Speaker A: Yeah. And so I hear that he is going on a trip this summer that you have agreed to let him go on. Tell us a little bit about that trip and what you're thinking and what your concerns are.
Speaker C: Sure. Yeah. So he has been lured by a favorite high school English teacher to travel to Prague, Budapest, Vienna, and Munich for ten days this summer without mom or dad. So as the parent feeling a lot of anxiety and stress of the idea of him being 4500 miles away without us there to help in an emergency or just sort of monitor the everyday ins and outs of traveling with diabetes.
Speaker A: So tell me about his management right now. How is he doing with this management? And how is he doing with his independence around monitoring his blood sugar, taking insulin, cutting carbs, all that stuff?
Speaker C: Sure. So if it was up to Andrew, he would be 100% independent as a 15 year old and only two years into this illness. We feel like he needs a little bit more support. He wears a Dexcom more often than not. He occasionally goes on like a one week strike from wearing it, and then he does multiple daily injections for his meals at home. We provide him with the carb counts, and I'm very organized and type A about that down to 1 gram. I know how many carbs he's going to be fed when he's out on his own with friends or at work. He spins the dial on his quick pen and injects and hopes for the best.
Speaker A: And how has that been going for him so far over the past two years? Any challenges or any major highs or lows that have been concerning?
Speaker C: I would say for the most part, he does an excellent job. Probably his biggest weakness is remembering that long acting injection at 930 at night. And then as the parent, it's the struggle. Do I remind him that he hasn't taken it, or do I let him try to navigate that himself? His a one C is excellent. So our endocrinologist loves us. We're the model patient family. So overall, I would say he does a good job in terms of counting carbs. He'll look at something and make a wild guess, whereas I would choose to use an app or a website and make a more informed guess.
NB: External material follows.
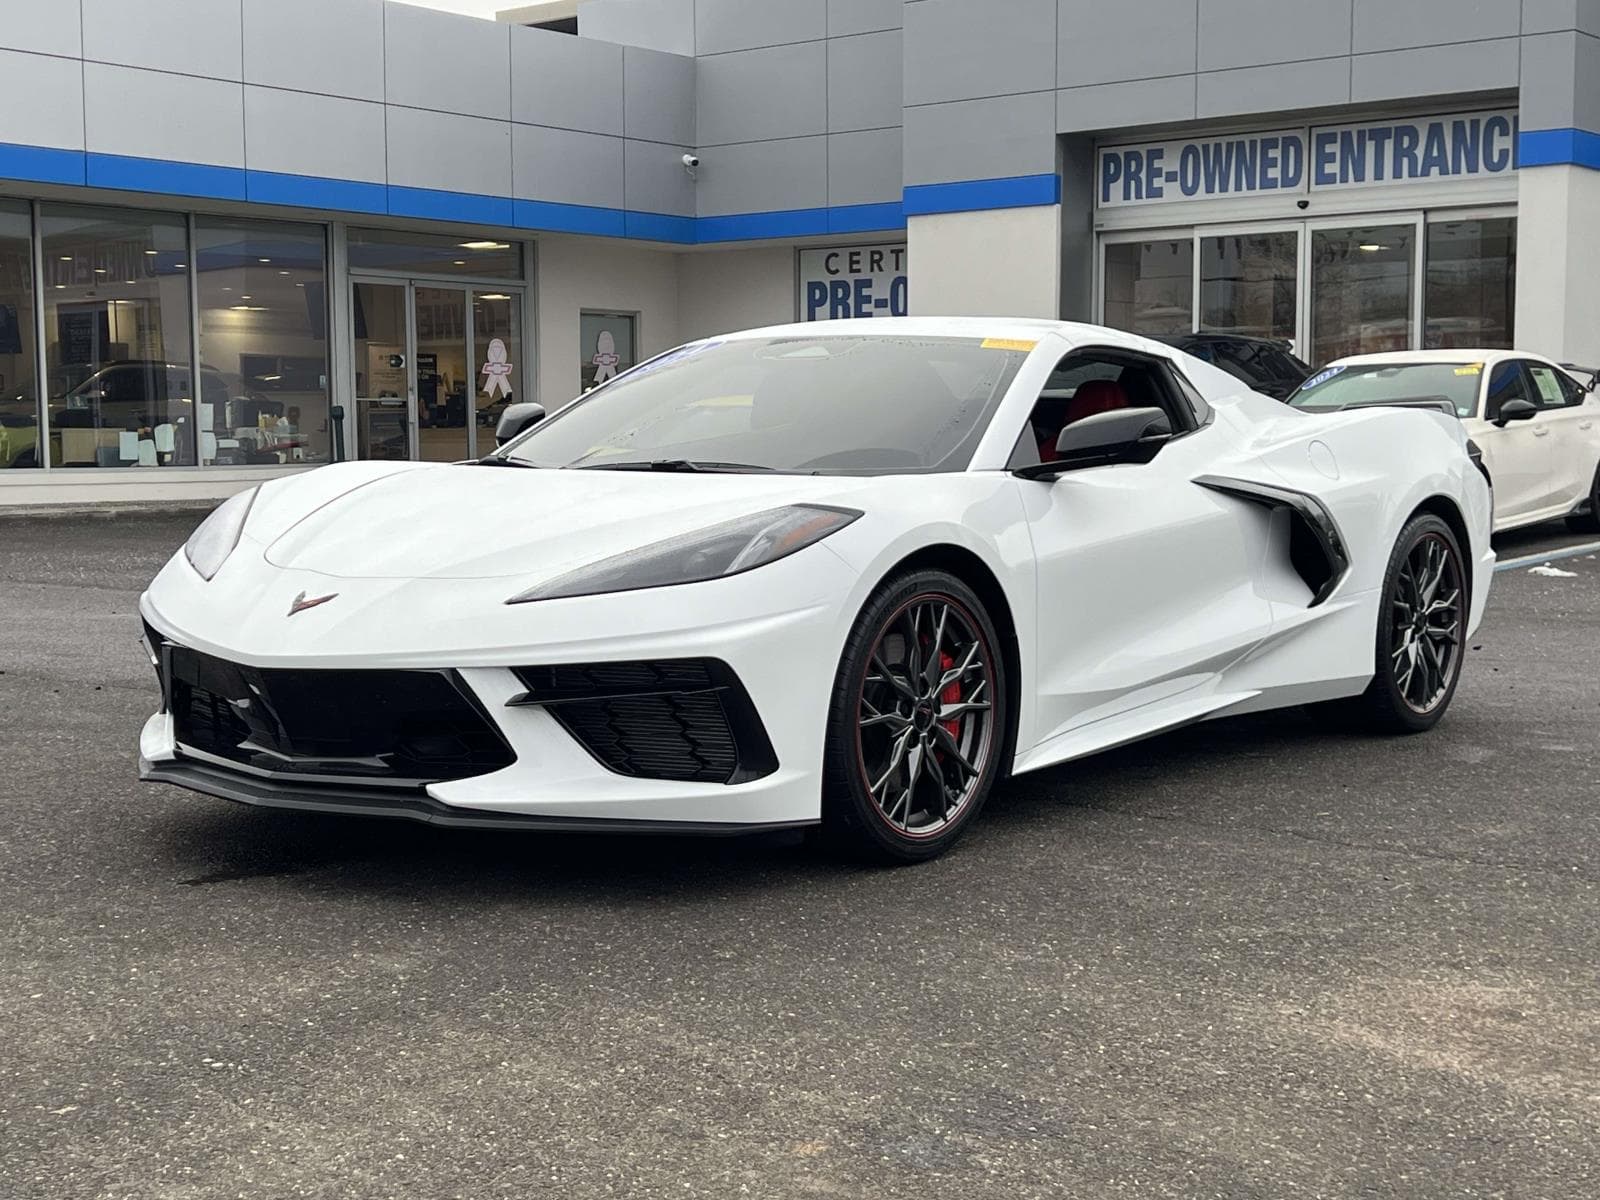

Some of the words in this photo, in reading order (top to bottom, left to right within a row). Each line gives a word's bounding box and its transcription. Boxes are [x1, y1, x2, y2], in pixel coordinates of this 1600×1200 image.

[1102, 135, 1304, 203] PRE-OWNED
[825, 248, 905, 275] CERT
[806, 275, 908, 322] PRE-O
Speaker A: Okay, and what about at night? Is he waking up during the night with his alarms and alerts for lows or highs, or is that something that you're taking on?
Speaker C: No, I can hear his alarm. His room is next to ours, but there's a bathroom in between them with a fan on in the bathroom and a noise machine in my room. I can hear his alarm from his room, and we'll have to wake him to treat a low.
Speaker A: Okay. It's a little aside here that's a common thing is I hear a lot for parents of teens who don't wake up for their low alarms at night, but then when they're away from their house, whether they're at a friend's house or at camp or wherever, they are magically, that changes. And I'm just curious, do you think that's the case for Andrew, or do you think that he is not waking up and then because he knows that you'll be there for him, but when he's away that he could?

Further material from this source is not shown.